**WHAT THE TASK REQUIRES:** Give all of the data below again exactly, and drop the images.

[Extracted records]
- - - - - - -

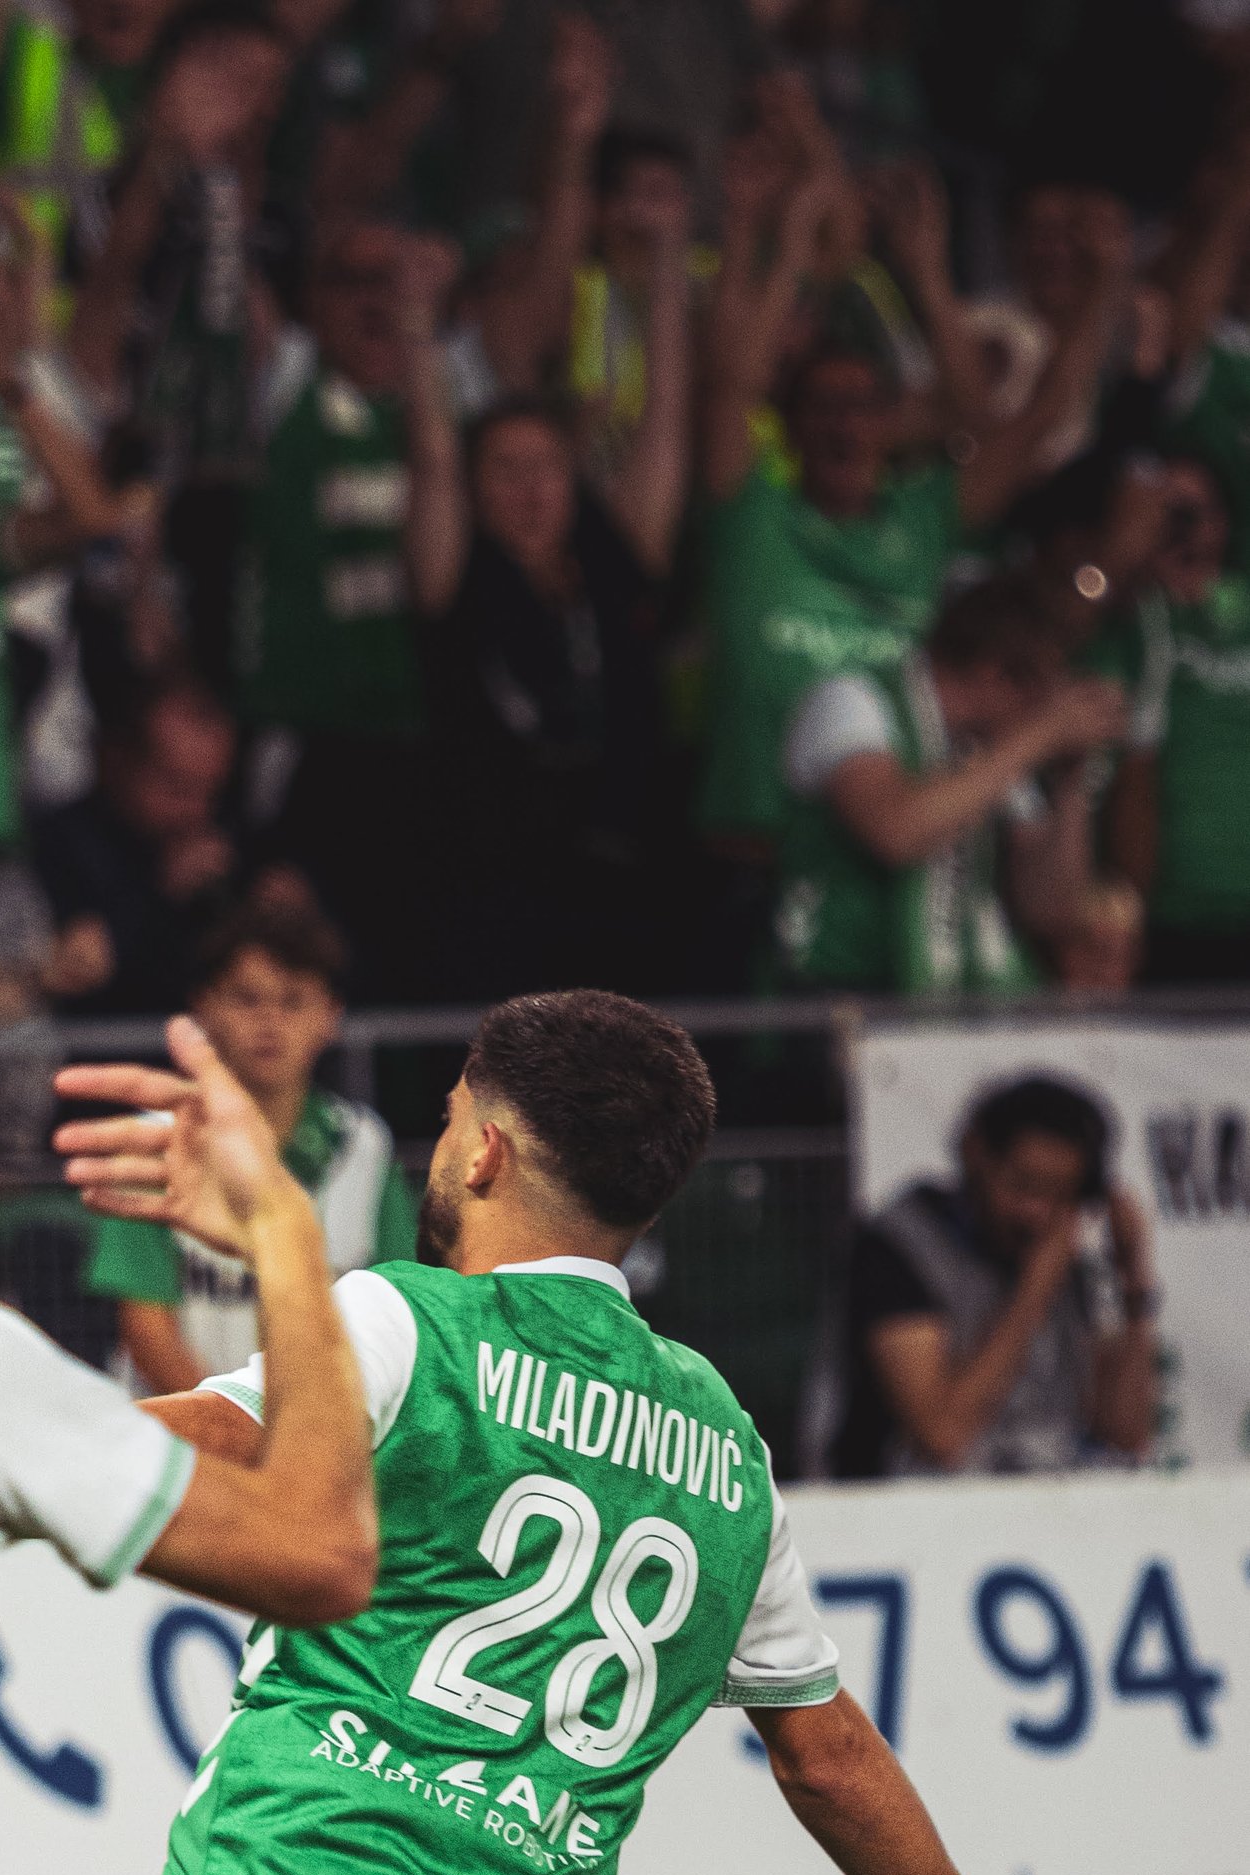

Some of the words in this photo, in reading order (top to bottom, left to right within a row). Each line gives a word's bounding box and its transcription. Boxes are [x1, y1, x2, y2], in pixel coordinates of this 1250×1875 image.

[477, 1341, 743, 1512] MILADINOVIĆ
[407, 1474, 698, 1768] 28
[972, 1555, 1226, 1756] 94
[309, 1739, 475, 1821] ADAPTIVE
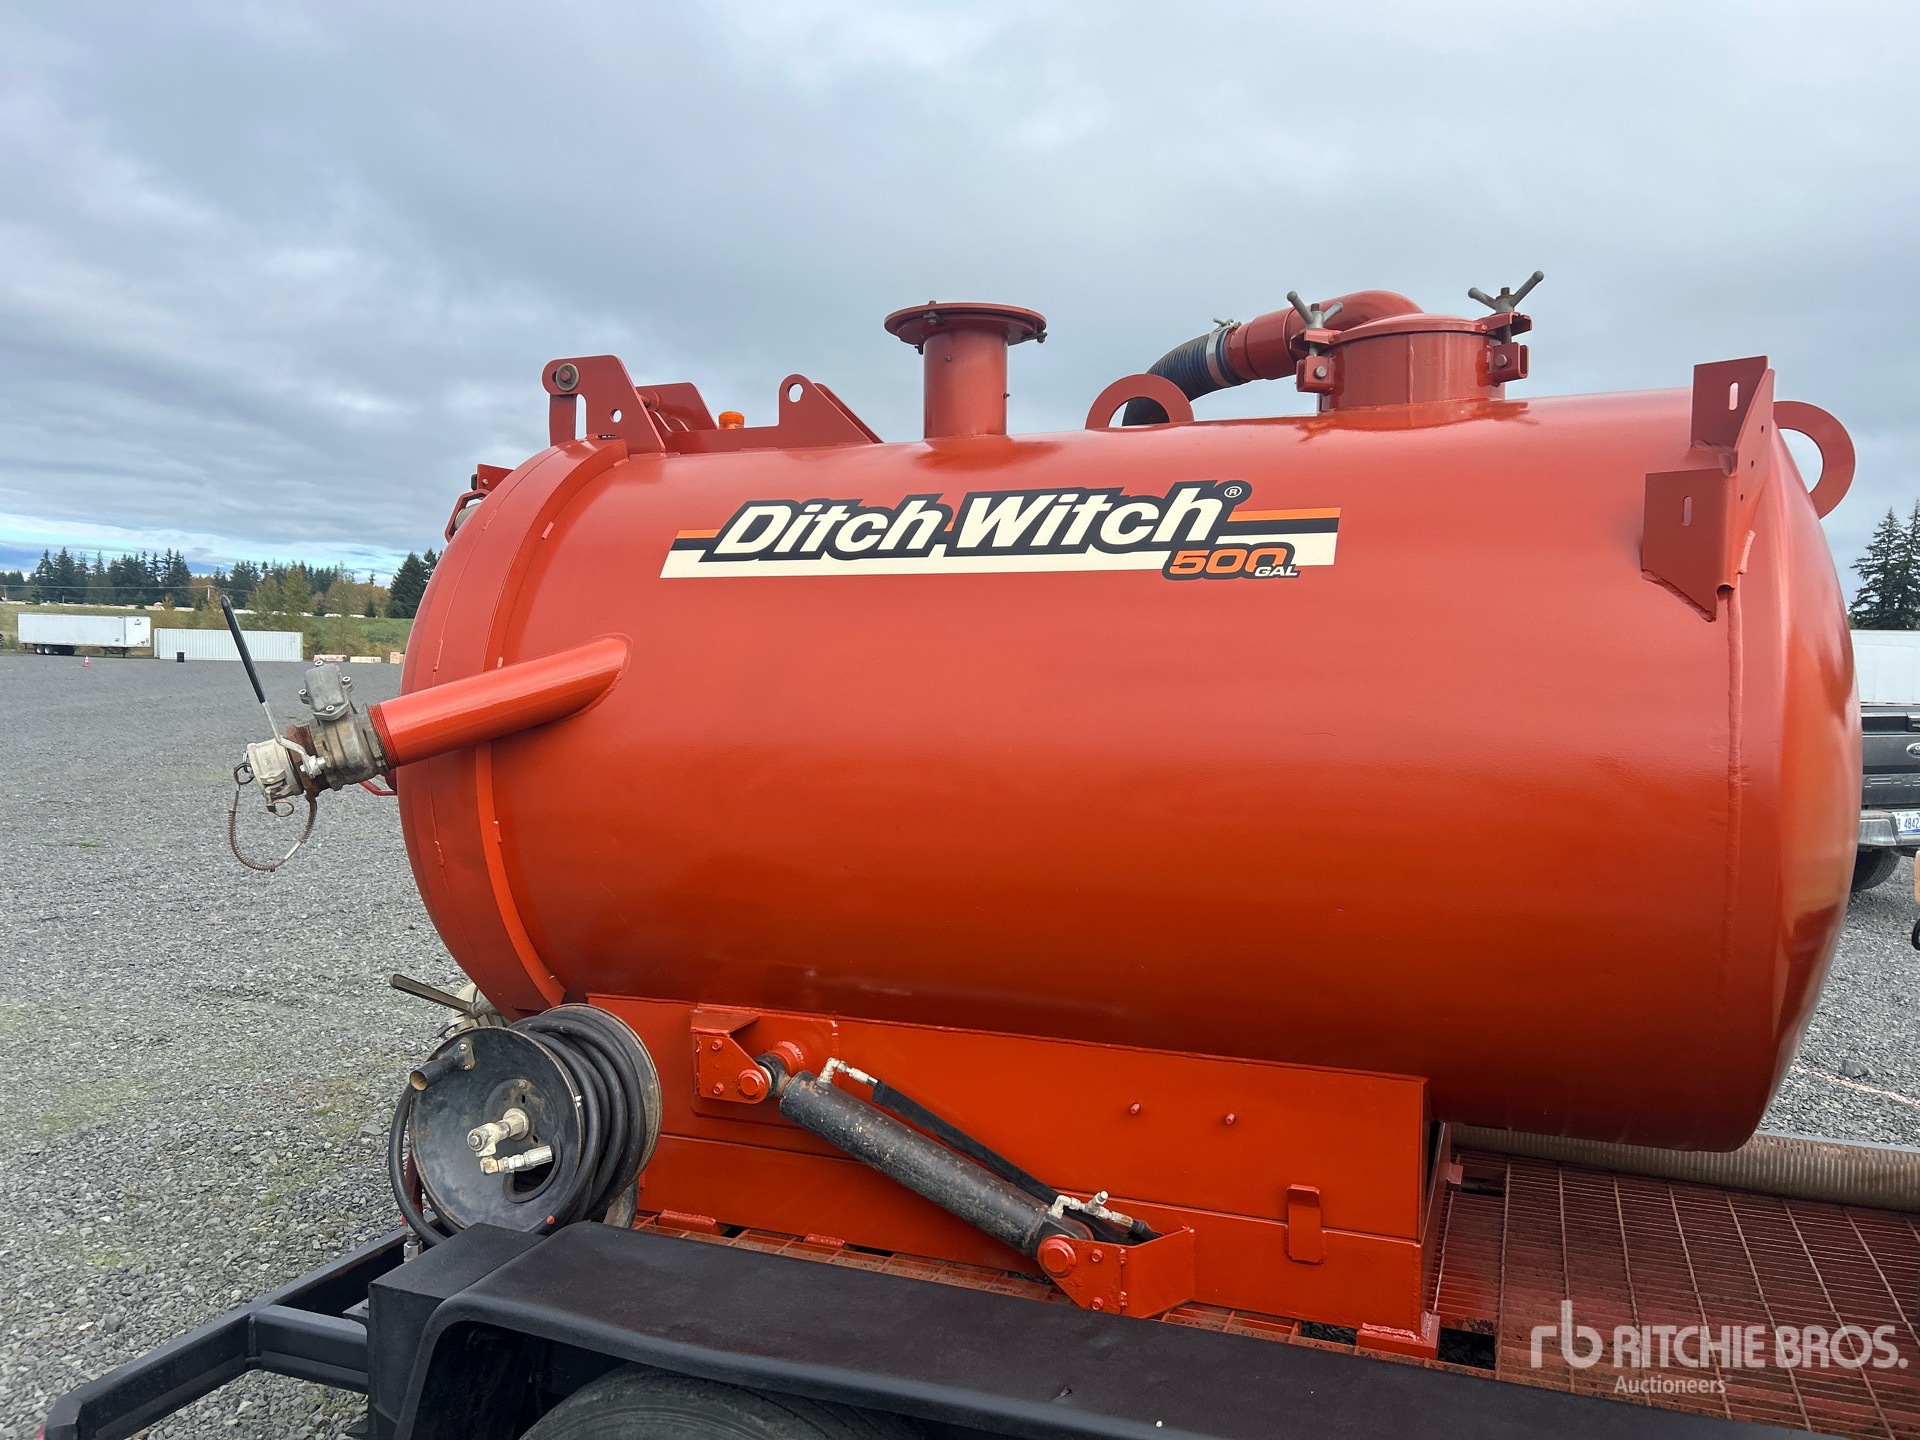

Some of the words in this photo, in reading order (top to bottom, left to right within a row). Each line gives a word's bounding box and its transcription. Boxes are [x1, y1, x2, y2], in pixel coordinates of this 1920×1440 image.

[713, 499, 943, 554] Ditch
[1169, 547, 1288, 575] 500
[1254, 565, 1298, 577] GAL

- - - - - - -

**SOLUTION:**
Some of the words in this photo, in reading order (top to bottom, left to right within a row). Each line gives a word's bounding box and its transcription. Boxes are [x1, y1, x2, y2], in pixel coordinates of this 1250×1875 image.

[477, 1341, 743, 1512] MILADINOVIĆ
[407, 1474, 698, 1768] 28
[972, 1555, 1226, 1756] 94
[309, 1739, 475, 1821] ADAPTIVE

Some of the words in this photo, in reading order (top to bottom, left to right within a row). Each line gives a word's bounding box and its transcription. Boxes are [x1, y1, x2, y2], in pixel coordinates of this 1920×1440 image.

[713, 499, 943, 554] Ditch
[1169, 547, 1288, 575] 500
[1254, 565, 1298, 577] GAL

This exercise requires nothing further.